> [WHAT THIS TASK INVOLVES]:
Where a picture appears, leave it out; copy everything else in the records exactly.

> [RECORDS PROVIDED]:
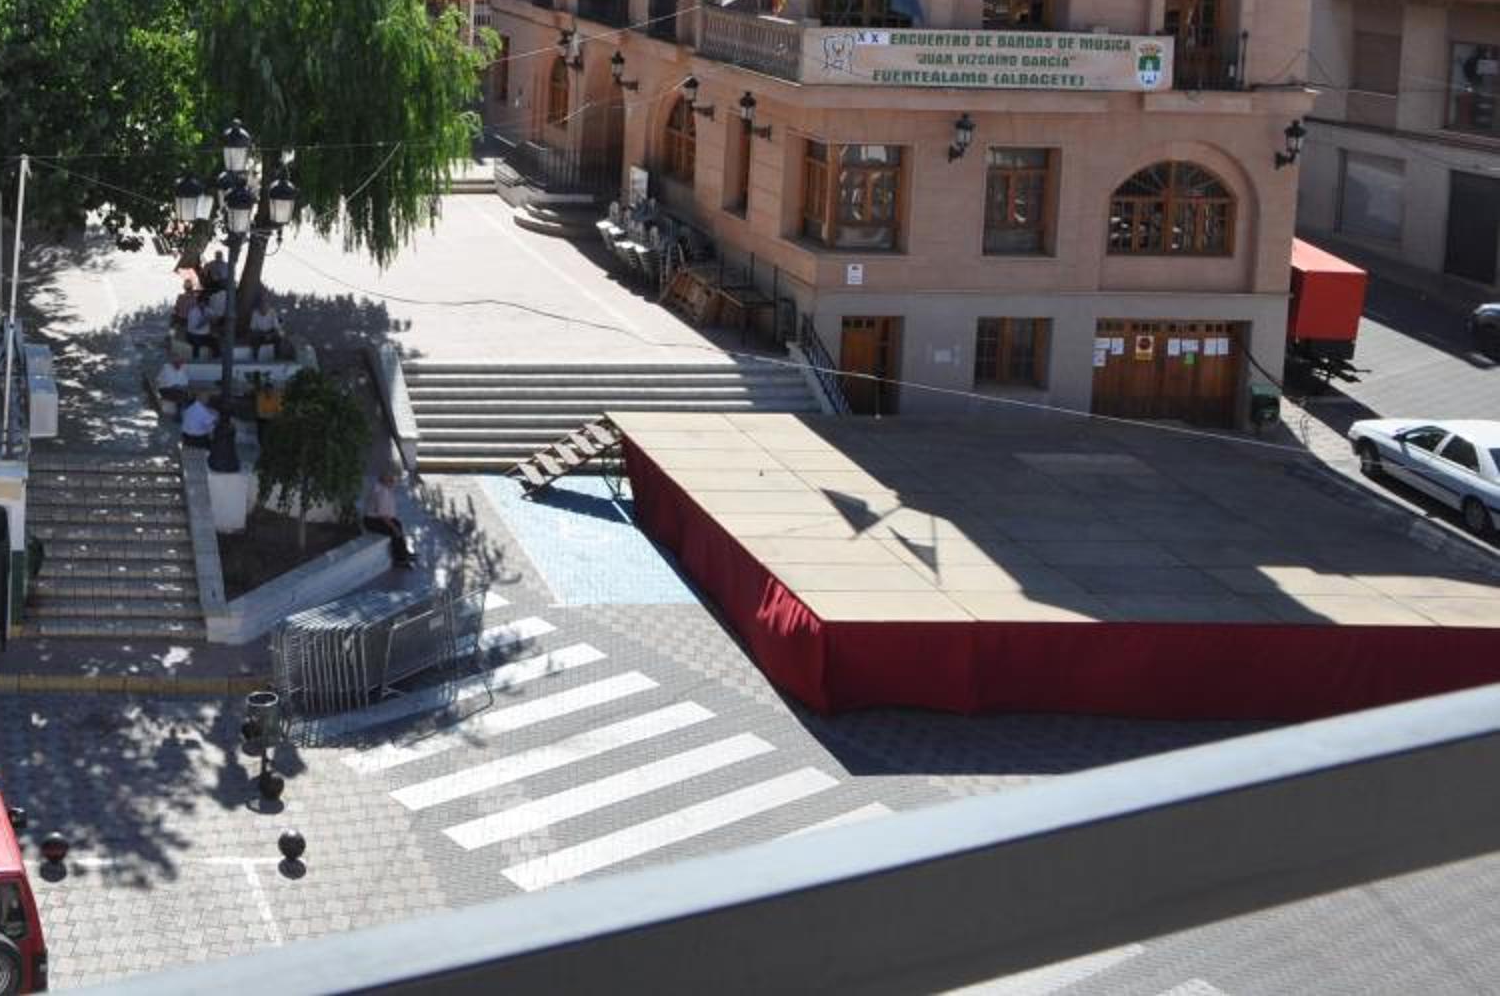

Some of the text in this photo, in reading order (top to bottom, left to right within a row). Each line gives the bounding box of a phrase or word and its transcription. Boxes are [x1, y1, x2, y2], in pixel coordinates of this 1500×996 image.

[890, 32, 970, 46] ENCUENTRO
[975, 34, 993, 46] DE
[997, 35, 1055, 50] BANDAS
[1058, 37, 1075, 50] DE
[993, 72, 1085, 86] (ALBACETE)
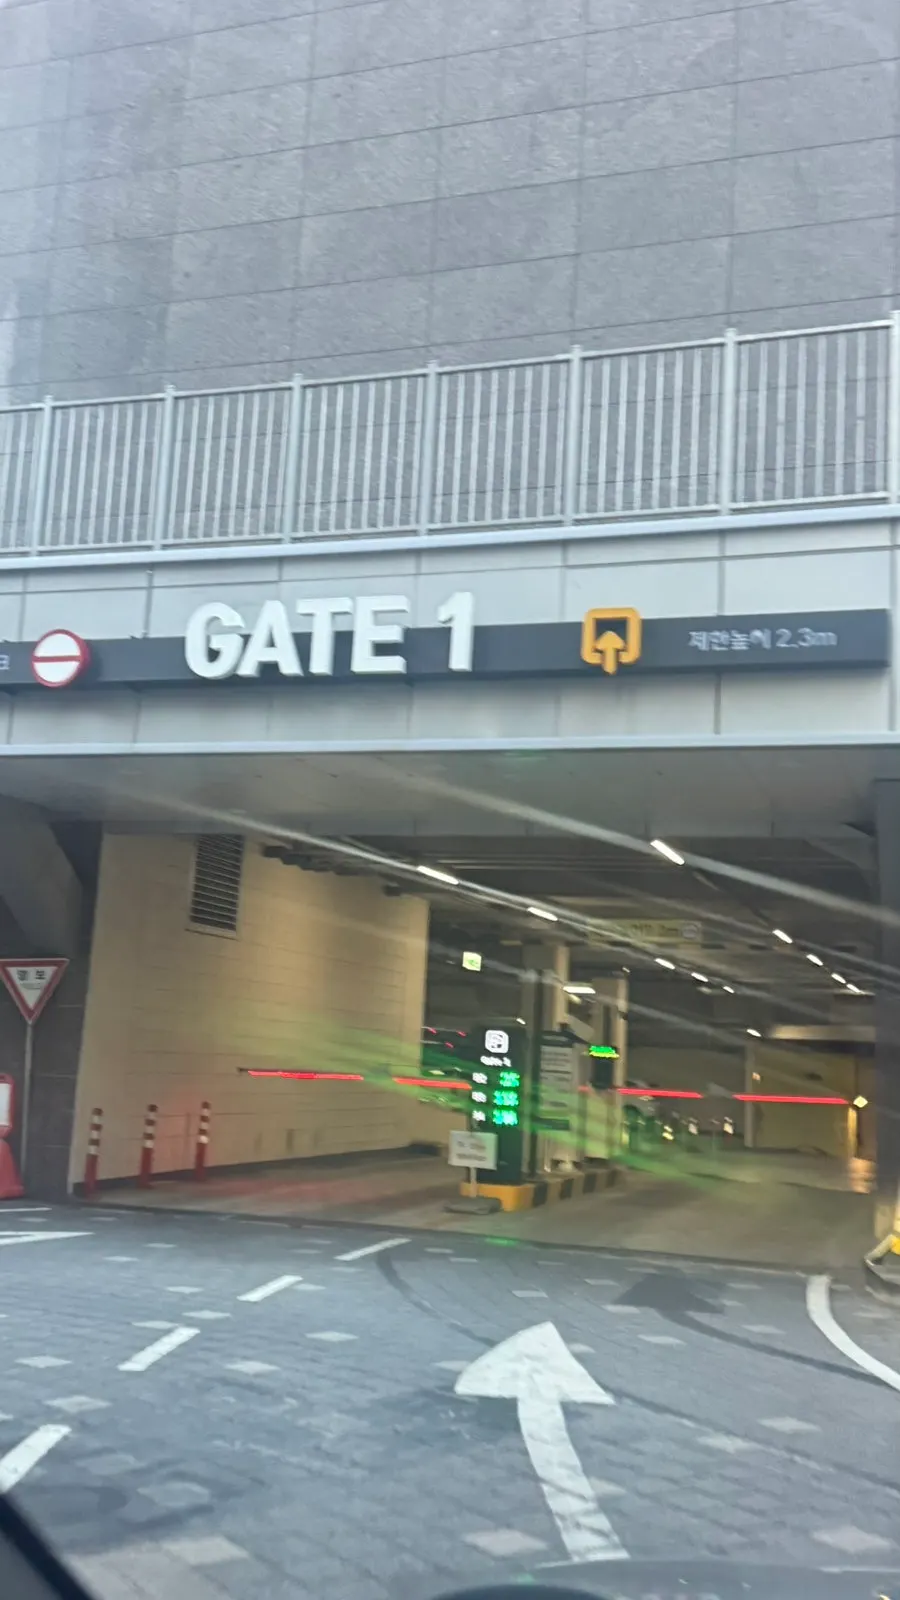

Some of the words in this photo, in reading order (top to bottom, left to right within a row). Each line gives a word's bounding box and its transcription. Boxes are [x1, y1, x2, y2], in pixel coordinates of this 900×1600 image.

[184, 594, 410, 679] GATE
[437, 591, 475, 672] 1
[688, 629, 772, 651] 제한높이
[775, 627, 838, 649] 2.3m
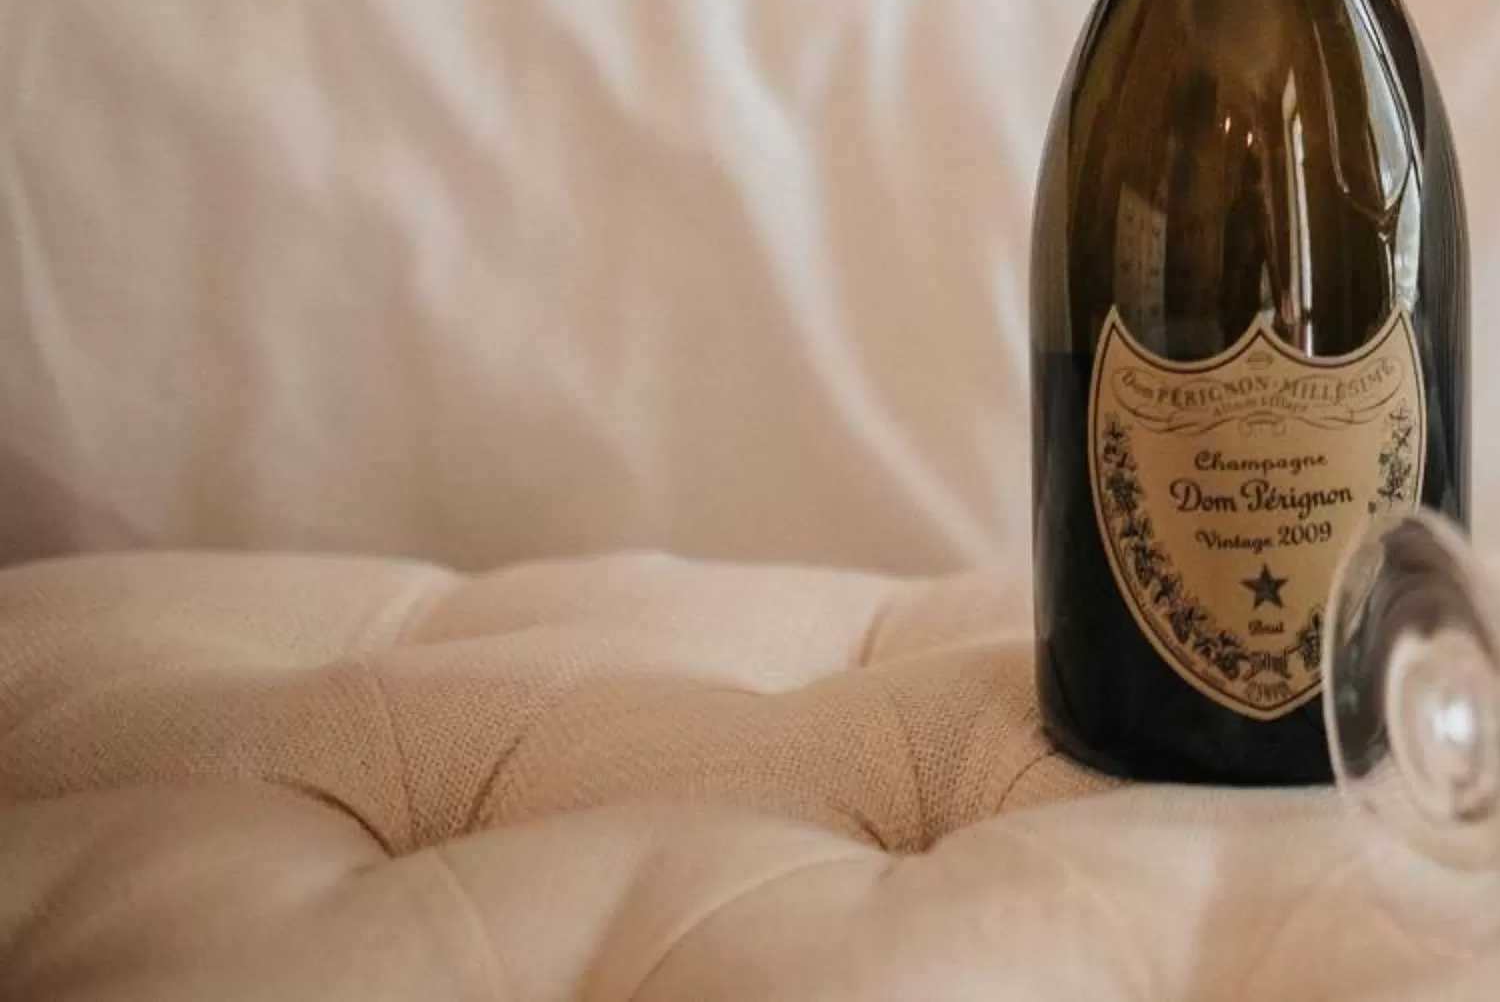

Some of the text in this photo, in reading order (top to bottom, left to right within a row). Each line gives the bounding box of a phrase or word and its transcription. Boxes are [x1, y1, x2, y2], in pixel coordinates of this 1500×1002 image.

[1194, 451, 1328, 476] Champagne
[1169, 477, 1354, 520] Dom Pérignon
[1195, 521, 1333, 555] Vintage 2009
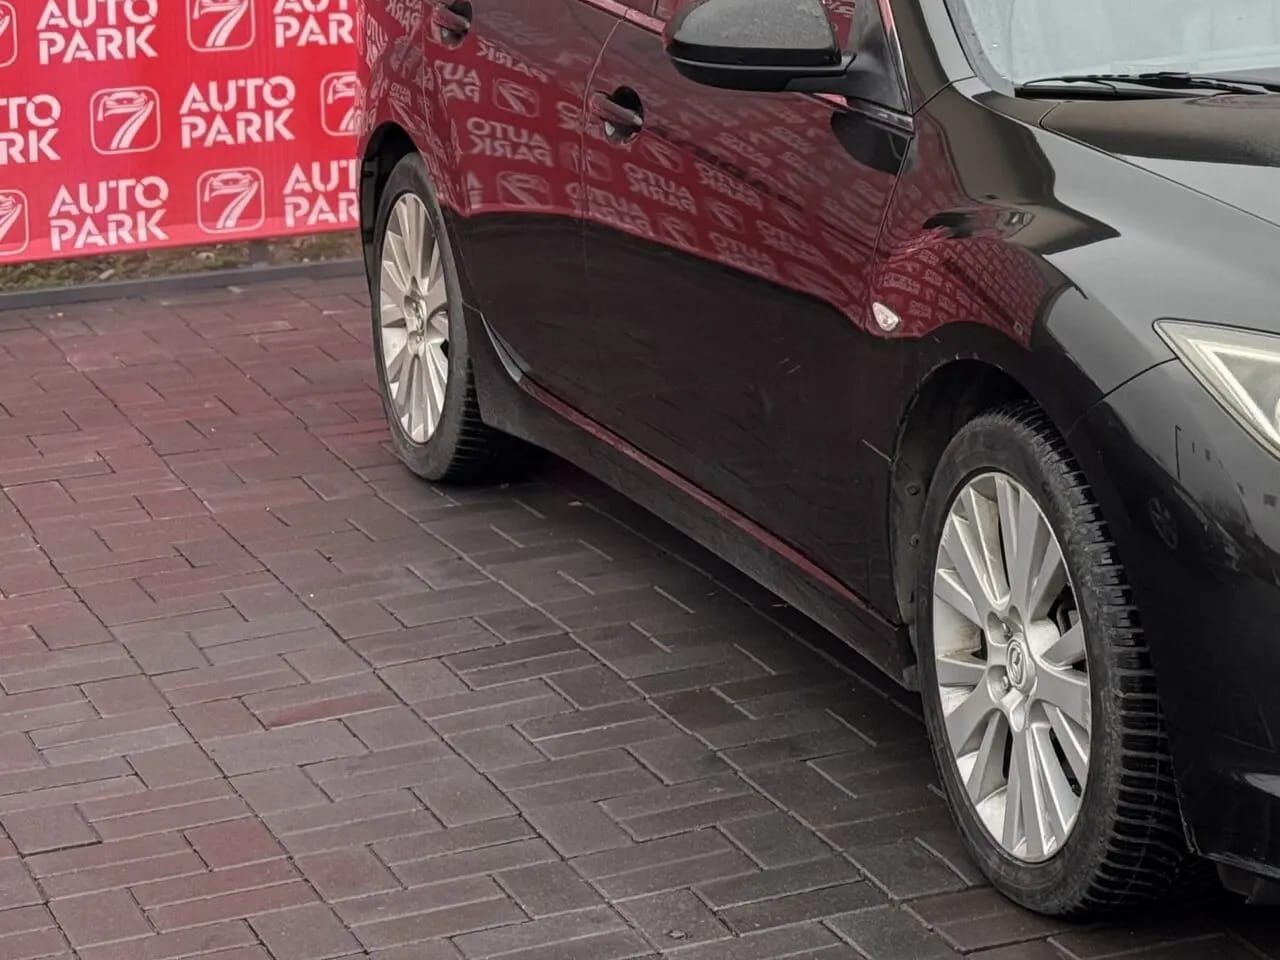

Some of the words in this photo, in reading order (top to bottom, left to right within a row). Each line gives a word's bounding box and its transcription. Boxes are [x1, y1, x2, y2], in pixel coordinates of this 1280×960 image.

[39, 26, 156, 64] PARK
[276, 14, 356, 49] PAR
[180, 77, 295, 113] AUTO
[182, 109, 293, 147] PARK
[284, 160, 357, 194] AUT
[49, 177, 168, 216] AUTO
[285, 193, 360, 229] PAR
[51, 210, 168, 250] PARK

> [THE COMPLETED TASK]:
Some of the text in this photo, in reading order (top to bottom, left to right within a row). Each line gives the bounding box of a phrase or word and its transcription. Boxes are [x1, y1, x2, y2], in pixel coordinates of this 1500×996 image.

[890, 32, 970, 46] ENCUENTRO
[975, 34, 993, 46] DE
[997, 35, 1055, 50] BANDAS
[1058, 37, 1075, 50] DE
[993, 72, 1085, 86] (ALBACETE)

Some of the words in this photo, in reading order (top to bottom, left to right within a row). Each line gives a word's bounding box and its transcription. Boxes are [x1, y1, x2, y2], in pixel coordinates of this 900×1600 image.

[184, 594, 410, 679] GATE
[437, 591, 475, 672] 1
[688, 629, 772, 651] 제한높이
[775, 627, 838, 649] 2.3m

Some of the text in this photo, in reading order (top to bottom, left to right within a row). Each line gives the bounding box of a phrase or word and its transcription. Boxes are [x1, y1, x2, y2], in pixel coordinates of this 1500×1002 image.

[1194, 451, 1328, 476] Champagne
[1169, 477, 1354, 520] Dom Pérignon
[1195, 521, 1333, 555] Vintage 2009

Some of the words in this photo, in reading order (top to bottom, left to right within a row). Each line gives a word's bounding box and its transcription. Boxes are [x1, y1, x2, y2], in pixel coordinates of this 1280×960 image.

[39, 26, 156, 64] PARK
[276, 14, 356, 49] PAR
[180, 77, 295, 113] AUTO
[182, 109, 293, 147] PARK
[284, 160, 357, 194] AUT
[49, 177, 168, 216] AUTO
[285, 193, 360, 229] PAR
[51, 210, 168, 250] PARK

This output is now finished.